▶ [PROBLEM DETAILS]: Retype the data below without altering anything.

▶ [TASK INPUT]:
>>>
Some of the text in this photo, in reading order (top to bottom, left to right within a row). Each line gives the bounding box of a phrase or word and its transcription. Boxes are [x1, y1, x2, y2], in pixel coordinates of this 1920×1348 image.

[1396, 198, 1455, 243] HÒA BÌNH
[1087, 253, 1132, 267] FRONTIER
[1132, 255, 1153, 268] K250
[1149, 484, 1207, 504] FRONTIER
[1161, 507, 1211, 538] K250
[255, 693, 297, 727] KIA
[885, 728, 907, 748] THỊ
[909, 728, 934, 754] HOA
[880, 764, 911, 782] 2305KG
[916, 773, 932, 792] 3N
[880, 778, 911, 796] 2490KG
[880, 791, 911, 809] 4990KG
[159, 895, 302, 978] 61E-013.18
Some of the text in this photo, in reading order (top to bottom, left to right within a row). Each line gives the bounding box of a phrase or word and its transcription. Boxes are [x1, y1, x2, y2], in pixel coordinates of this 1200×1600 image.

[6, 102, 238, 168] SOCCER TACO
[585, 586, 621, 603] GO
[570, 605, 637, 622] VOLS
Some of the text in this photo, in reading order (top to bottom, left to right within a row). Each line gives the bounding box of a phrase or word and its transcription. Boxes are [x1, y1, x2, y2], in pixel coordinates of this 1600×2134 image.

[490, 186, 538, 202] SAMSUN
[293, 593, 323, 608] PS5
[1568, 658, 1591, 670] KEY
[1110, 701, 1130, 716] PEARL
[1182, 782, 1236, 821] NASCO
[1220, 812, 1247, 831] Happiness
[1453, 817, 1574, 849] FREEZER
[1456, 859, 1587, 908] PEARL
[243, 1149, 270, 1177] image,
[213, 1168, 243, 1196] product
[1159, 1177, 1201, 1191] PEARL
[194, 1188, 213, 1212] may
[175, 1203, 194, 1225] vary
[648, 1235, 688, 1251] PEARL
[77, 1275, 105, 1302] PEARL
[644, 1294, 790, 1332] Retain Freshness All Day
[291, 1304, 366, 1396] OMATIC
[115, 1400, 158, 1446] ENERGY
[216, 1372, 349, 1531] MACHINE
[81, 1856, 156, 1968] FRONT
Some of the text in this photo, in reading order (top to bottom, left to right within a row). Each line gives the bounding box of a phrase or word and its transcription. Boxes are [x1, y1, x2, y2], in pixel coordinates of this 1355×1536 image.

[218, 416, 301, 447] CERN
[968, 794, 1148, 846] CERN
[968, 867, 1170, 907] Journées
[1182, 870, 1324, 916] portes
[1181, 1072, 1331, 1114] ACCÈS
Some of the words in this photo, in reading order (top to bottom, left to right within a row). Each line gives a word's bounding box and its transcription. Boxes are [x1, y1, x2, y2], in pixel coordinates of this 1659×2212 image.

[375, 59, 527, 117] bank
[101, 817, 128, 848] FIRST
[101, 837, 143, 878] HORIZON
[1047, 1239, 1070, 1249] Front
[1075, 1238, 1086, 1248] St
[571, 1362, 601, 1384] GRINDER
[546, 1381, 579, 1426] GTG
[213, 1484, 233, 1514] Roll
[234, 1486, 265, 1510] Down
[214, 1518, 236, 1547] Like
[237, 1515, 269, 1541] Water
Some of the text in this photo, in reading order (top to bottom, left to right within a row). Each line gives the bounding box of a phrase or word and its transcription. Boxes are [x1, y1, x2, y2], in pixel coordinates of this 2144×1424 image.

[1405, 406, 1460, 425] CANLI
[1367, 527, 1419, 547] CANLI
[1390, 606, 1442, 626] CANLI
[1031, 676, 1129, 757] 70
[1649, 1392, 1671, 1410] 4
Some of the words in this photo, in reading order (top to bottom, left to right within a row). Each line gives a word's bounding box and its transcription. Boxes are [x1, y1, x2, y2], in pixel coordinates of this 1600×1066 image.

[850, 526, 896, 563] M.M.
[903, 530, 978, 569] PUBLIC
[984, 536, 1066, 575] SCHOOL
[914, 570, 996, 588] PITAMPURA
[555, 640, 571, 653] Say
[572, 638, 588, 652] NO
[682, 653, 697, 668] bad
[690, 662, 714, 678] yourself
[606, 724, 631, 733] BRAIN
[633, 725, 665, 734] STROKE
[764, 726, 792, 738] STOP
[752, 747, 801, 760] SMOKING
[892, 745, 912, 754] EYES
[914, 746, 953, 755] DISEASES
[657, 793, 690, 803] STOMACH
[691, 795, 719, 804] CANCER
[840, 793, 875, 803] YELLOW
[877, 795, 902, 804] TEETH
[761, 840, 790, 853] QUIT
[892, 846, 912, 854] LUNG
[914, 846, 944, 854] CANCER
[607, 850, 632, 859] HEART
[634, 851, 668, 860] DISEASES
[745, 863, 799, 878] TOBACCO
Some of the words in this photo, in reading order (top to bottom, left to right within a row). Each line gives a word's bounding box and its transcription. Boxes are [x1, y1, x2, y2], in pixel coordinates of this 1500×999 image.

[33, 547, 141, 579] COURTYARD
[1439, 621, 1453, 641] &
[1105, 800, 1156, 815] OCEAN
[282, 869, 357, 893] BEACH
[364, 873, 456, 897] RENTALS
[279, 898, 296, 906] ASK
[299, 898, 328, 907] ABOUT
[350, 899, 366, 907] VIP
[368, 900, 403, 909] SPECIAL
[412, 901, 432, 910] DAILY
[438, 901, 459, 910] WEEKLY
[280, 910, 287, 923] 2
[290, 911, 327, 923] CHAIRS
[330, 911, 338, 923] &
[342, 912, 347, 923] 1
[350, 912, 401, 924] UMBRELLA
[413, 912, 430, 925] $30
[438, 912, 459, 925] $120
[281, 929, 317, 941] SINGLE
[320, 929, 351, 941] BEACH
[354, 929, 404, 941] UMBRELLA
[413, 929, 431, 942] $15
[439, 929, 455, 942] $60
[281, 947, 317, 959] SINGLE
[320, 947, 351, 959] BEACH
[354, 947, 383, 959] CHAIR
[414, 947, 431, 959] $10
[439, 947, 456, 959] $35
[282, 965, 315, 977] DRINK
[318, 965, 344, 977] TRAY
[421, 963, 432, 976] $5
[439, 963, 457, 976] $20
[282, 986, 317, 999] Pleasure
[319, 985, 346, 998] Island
<<<
▶ [ANSWER BOX]:
Some of the text in this photo, in reading order (top to bottom, left to right within a row). Each line gives the bounding box of a phrase or word and its transcription. Boxes are [x1, y1, x2, y2], in pixel coordinates of this 1920×1348 image.

[1396, 198, 1455, 243] HÒA BÌNH
[1087, 253, 1132, 267] FRONTIER
[1132, 255, 1153, 268] K250
[1149, 484, 1207, 504] FRONTIER
[1161, 507, 1211, 538] K250
[255, 693, 297, 727] KIA
[885, 728, 907, 748] THỊ
[909, 728, 934, 754] HOA
[880, 764, 911, 782] 2305KG
[916, 773, 932, 792] 3N
[880, 778, 911, 796] 2490KG
[880, 791, 911, 809] 4990KG
[159, 895, 302, 978] 61E-013.18
Some of the text in this photo, in reading order (top to bottom, left to right within a row). Each line gives the bounding box of a phrase or word and its transcription. Boxes are [x1, y1, x2, y2], in pixel coordinates of this 1200×1600 image.

[6, 102, 238, 168] SOCCER TACO
[585, 586, 621, 603] GO
[570, 605, 637, 622] VOLS
Some of the text in this photo, in reading order (top to bottom, left to right within a row). Each line gives the bounding box of a phrase or word and its transcription. Boxes are [x1, y1, x2, y2], in pixel coordinates of this 1600×2134 image.

[490, 186, 538, 202] SAMSUN
[293, 593, 323, 608] PS5
[1568, 658, 1591, 670] KEY
[1110, 701, 1130, 716] PEARL
[1182, 782, 1236, 821] NASCO
[1220, 812, 1247, 831] Happiness
[1453, 817, 1574, 849] FREEZER
[1456, 859, 1587, 908] PEARL
[243, 1149, 270, 1177] image,
[213, 1168, 243, 1196] product
[1159, 1177, 1201, 1191] PEARL
[194, 1188, 213, 1212] may
[175, 1203, 194, 1225] vary
[648, 1235, 688, 1251] PEARL
[77, 1275, 105, 1302] PEARL
[644, 1294, 790, 1332] Retain Freshness All Day
[291, 1304, 366, 1396] OMATIC
[115, 1400, 158, 1446] ENERGY
[216, 1372, 349, 1531] MACHINE
[81, 1856, 156, 1968] FRONT
Some of the text in this photo, in reading order (top to bottom, left to right within a row). Each line gives the bounding box of a phrase or word and its transcription. Boxes are [x1, y1, x2, y2], in pixel coordinates of this 1355×1536 image.

[218, 416, 301, 447] CERN
[968, 794, 1148, 846] CERN
[968, 867, 1170, 907] Journées
[1182, 870, 1324, 916] portes
[1181, 1072, 1331, 1114] ACCÈS
Some of the words in this photo, in reading order (top to bottom, left to right within a row). Each line gives a word's bounding box and its transcription. Boxes are [x1, y1, x2, y2], in pixel coordinates of this 1659×2212 image.

[375, 59, 527, 117] bank
[101, 817, 128, 848] FIRST
[101, 837, 143, 878] HORIZON
[1047, 1239, 1070, 1249] Front
[1075, 1238, 1086, 1248] St
[571, 1362, 601, 1384] GRINDER
[546, 1381, 579, 1426] GTG
[213, 1484, 233, 1514] Roll
[234, 1486, 265, 1510] Down
[214, 1518, 236, 1547] Like
[237, 1515, 269, 1541] Water
Some of the text in this photo, in reading order (top to bottom, left to right within a row). Each line gives the bounding box of a phrase or word and its transcription. Boxes are [x1, y1, x2, y2], in pixel coordinates of this 2144×1424 image.

[1405, 406, 1460, 425] CANLI
[1367, 527, 1419, 547] CANLI
[1390, 606, 1442, 626] CANLI
[1031, 676, 1129, 757] 70
[1649, 1392, 1671, 1410] 4
Some of the words in this photo, in reading order (top to bottom, left to right within a row). Each line gives a word's bounding box and its transcription. Boxes are [x1, y1, x2, y2], in pixel coordinates of this 1600×1066 image.

[850, 526, 896, 563] M.M.
[903, 530, 978, 569] PUBLIC
[984, 536, 1066, 575] SCHOOL
[914, 570, 996, 588] PITAMPURA
[555, 640, 571, 653] Say
[572, 638, 588, 652] NO
[682, 653, 697, 668] bad
[690, 662, 714, 678] yourself
[606, 724, 631, 733] BRAIN
[633, 725, 665, 734] STROKE
[764, 726, 792, 738] STOP
[752, 747, 801, 760] SMOKING
[892, 745, 912, 754] EYES
[914, 746, 953, 755] DISEASES
[657, 793, 690, 803] STOMACH
[691, 795, 719, 804] CANCER
[840, 793, 875, 803] YELLOW
[877, 795, 902, 804] TEETH
[761, 840, 790, 853] QUIT
[892, 846, 912, 854] LUNG
[914, 846, 944, 854] CANCER
[607, 850, 632, 859] HEART
[634, 851, 668, 860] DISEASES
[745, 863, 799, 878] TOBACCO
Some of the words in this photo, in reading order (top to bottom, left to right within a row). Each line gives a word's bounding box and its transcription. Boxes are [x1, y1, x2, y2], in pixel coordinates of this 1500×999 image.

[33, 547, 141, 579] COURTYARD
[1439, 621, 1453, 641] &
[1105, 800, 1156, 815] OCEAN
[282, 869, 357, 893] BEACH
[364, 873, 456, 897] RENTALS
[279, 898, 296, 906] ASK
[299, 898, 328, 907] ABOUT
[350, 899, 366, 907] VIP
[368, 900, 403, 909] SPECIAL
[412, 901, 432, 910] DAILY
[438, 901, 459, 910] WEEKLY
[280, 910, 287, 923] 2
[290, 911, 327, 923] CHAIRS
[330, 911, 338, 923] &
[342, 912, 347, 923] 1
[350, 912, 401, 924] UMBRELLA
[413, 912, 430, 925] $30
[438, 912, 459, 925] $120
[281, 929, 317, 941] SINGLE
[320, 929, 351, 941] BEACH
[354, 929, 404, 941] UMBRELLA
[413, 929, 431, 942] $15
[439, 929, 455, 942] $60
[281, 947, 317, 959] SINGLE
[320, 947, 351, 959] BEACH
[354, 947, 383, 959] CHAIR
[414, 947, 431, 959] $10
[439, 947, 456, 959] $35
[282, 965, 315, 977] DRINK
[318, 965, 344, 977] TRAY
[421, 963, 432, 976] $5
[439, 963, 457, 976] $20
[282, 986, 317, 999] Pleasure
[319, 985, 346, 998] Island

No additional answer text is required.